Certificato medico per lo sport: nuove linee guida

Redazione A cura di “La Redazione” Pubblicato il 17/10/2014 Aggiornato il 17/10/2014

Il certificato medico per lo sport è obbligatorio solo per le attività sportive non agonistiche. Ne sono esenti le attività ludico-motorie, praticate solitamente in età prescolare

Certificato medico per lo sport: nuove linee guida

Con l’inizio delle attività prescolari e scolastiche, comincia solitamente anche il periodo dell’iscrizione a diversi tipi di sport per i bambini. E con esso, sorge il solito dilemma sul certificato medico per lo sport. Le ultime linee guida, redatte dal ministro della Salute Beatrice Lorenzin, prevedono l’obbligo del certificato medico per lo sport solo per attività sportive non agonistiche e non più per quelle che sono definite attività ludico-motorie (per esempio, la psicomotricità).

Superare le difficoltà interpretative

Capita a molti genitori di trovarsi di fronte a gestori di palestre o associazioni sportive che richiedono il certificato medico per lo sport oppure, al contrario, non lo ritengono necessario. Le nuove linee guida in merito, sancite con un apposito decreto, nascono proprio per superare questo genere di difficoltà interpretative. Tali difficoltà non riguardano soltanto la parte genitoriale o quella sportiva, ma anche e soprattutto la comunità scientifica, ovvero i medici di famiglia e i pediatri di libera scelta, così come gli stessi medici specializzati in medicina dello sport.

Linee guida dettagliate

L’assunto base delle nuove normative in merito al certificato medico per lo sport, è che quest’ultimo è obbligatorio solo per attività sportive non agonistiche e non più per le attività ludico-motorie. Il decreto contiene anche una lista dettagliata di quali siano le attività da considerarsi ludiche e quali, invece, veri e propri sport.  Inoltre, sono definiti anche i medici idonei a rilasciare queste certificazioni e le modalità nonché la validità relative alle stesse.

Quanto tempo dura

Il certificato medico per attività sportive non agonistiche vale un anno e, quindi, prevede un controllo annuale “reale” con misurazione della pressione arteriosa, anamnesi e definizione di tutti i parametri necessari al rilascio. Quindi, i pediatri che firmano certificazioni “a distanza” (post richiesta telefonica o via mail) non sono adeguati e conformi alla legge. Ulteriore dettaglio importante: il pediatra può rilasciare il certificato medico per il bambino solo previo elettrocardiogramma, se quest’ultimo esame non è mai stato effettuato dalla nascita del bimbo.

Attività sportive che non richiedono certificato

Le attività ludico-motorie, senza obbligo di certificazione, sono quelle relative al benessere psicofisico e alla psicomotricità. Alcuni esempi: giochi in acqua prescolari, pilates, ginnastica posturale, psicomotricità, yoga.
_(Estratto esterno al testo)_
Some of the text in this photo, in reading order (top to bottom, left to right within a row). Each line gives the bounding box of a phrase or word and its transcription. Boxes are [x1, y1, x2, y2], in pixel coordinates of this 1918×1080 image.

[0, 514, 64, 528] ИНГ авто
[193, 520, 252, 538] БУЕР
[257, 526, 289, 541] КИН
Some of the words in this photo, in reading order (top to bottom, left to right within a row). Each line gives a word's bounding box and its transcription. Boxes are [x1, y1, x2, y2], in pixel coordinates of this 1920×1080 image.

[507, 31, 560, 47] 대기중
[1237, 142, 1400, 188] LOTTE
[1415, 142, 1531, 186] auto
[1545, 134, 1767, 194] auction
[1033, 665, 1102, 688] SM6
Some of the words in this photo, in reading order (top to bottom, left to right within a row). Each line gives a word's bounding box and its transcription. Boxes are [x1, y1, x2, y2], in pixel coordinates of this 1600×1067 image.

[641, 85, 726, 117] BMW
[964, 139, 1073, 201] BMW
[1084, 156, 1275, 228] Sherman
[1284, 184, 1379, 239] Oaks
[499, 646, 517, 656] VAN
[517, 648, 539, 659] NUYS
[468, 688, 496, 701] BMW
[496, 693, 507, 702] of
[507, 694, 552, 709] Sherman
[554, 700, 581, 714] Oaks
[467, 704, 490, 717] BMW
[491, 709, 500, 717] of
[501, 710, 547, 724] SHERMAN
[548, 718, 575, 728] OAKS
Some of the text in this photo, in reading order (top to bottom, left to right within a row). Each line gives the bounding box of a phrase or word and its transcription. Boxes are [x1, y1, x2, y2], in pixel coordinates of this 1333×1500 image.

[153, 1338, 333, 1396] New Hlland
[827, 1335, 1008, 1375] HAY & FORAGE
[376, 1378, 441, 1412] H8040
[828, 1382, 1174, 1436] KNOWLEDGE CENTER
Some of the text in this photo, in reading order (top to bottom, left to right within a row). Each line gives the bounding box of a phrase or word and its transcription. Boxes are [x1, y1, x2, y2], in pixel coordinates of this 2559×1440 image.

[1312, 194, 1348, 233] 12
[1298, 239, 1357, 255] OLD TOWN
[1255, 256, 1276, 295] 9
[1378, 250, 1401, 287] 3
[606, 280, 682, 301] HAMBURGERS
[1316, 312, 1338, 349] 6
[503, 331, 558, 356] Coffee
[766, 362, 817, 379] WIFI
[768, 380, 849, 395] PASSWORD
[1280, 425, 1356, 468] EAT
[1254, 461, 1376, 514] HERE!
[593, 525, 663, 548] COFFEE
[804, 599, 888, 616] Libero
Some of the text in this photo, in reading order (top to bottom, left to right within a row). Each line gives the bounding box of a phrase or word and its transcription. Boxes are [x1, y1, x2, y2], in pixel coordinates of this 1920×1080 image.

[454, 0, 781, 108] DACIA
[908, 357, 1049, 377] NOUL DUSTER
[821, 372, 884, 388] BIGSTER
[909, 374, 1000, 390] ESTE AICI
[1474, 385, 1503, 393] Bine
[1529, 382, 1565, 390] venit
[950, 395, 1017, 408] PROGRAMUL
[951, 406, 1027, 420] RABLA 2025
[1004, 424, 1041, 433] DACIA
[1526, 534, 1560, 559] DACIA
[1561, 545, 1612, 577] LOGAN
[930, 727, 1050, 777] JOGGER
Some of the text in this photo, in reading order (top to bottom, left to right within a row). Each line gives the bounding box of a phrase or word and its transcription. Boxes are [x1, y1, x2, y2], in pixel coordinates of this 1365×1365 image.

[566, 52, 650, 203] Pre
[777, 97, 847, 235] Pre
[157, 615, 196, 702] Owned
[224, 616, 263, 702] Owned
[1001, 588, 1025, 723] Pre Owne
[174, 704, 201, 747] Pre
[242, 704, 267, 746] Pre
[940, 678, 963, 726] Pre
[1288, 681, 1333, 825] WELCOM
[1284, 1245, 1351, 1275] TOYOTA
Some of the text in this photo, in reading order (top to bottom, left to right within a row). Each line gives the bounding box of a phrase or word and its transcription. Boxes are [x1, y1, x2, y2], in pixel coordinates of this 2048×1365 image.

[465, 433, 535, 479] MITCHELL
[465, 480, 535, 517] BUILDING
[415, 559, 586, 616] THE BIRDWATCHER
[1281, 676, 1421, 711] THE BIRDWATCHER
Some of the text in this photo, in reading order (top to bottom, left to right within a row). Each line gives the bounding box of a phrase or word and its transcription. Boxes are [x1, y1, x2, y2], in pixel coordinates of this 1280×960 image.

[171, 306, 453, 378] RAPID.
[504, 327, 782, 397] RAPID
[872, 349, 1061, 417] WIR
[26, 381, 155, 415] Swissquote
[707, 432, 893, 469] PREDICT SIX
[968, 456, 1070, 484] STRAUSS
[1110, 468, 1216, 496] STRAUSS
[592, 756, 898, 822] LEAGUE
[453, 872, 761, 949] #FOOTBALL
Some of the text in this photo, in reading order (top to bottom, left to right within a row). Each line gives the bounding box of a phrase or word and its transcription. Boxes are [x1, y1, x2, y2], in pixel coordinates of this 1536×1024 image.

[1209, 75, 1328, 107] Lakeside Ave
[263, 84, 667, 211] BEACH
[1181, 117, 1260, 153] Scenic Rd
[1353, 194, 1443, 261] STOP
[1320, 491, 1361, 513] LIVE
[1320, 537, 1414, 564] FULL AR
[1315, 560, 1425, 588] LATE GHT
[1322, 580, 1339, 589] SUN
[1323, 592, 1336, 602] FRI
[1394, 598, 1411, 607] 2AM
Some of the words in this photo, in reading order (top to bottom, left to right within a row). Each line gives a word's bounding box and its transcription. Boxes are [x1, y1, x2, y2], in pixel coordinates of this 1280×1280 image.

Attività sportive che richiedono il certificato

La certificazione di “sana e robusta costituzione”, invece, risulta obbligatoria per tutte quelle attività per definizione sportive non agonistiche.  Ecco alcuni Esempi: basket, rugby, calcetto, baseball, pallavolo, corsi di nuoto, karate, judo, ginnastica artistica.Inolte, rientrano in questa lista anche le attività fisico-sportive parascolastiche (praticate a scuola ma fuori dall’orario di lezione), tutti gli sport praticati presso società affiliate alle Federazioni sportive nazionali e al Coni, i Giochi sportivi studenteschi (con esclusione della fase nazionale, agonistica). 

In breve

QUANDO SI’ E QUANDO NO

Il certificato medico per lo sport è necessario solo in caso di attività sportive non agonistiche. Restano fuori dall’obbligo, le attività ludico-motorie, ovvero quelle improntate semplicemente al benessere psico-fisico. 

Le informazioni contenute in questo sito non intendono e non devono in alcun modo sostituire il rapporto diretto fra professionisti della salute e l’utente. È pertanto opportuno consultare sempre il proprio medico curante e/o specialisti.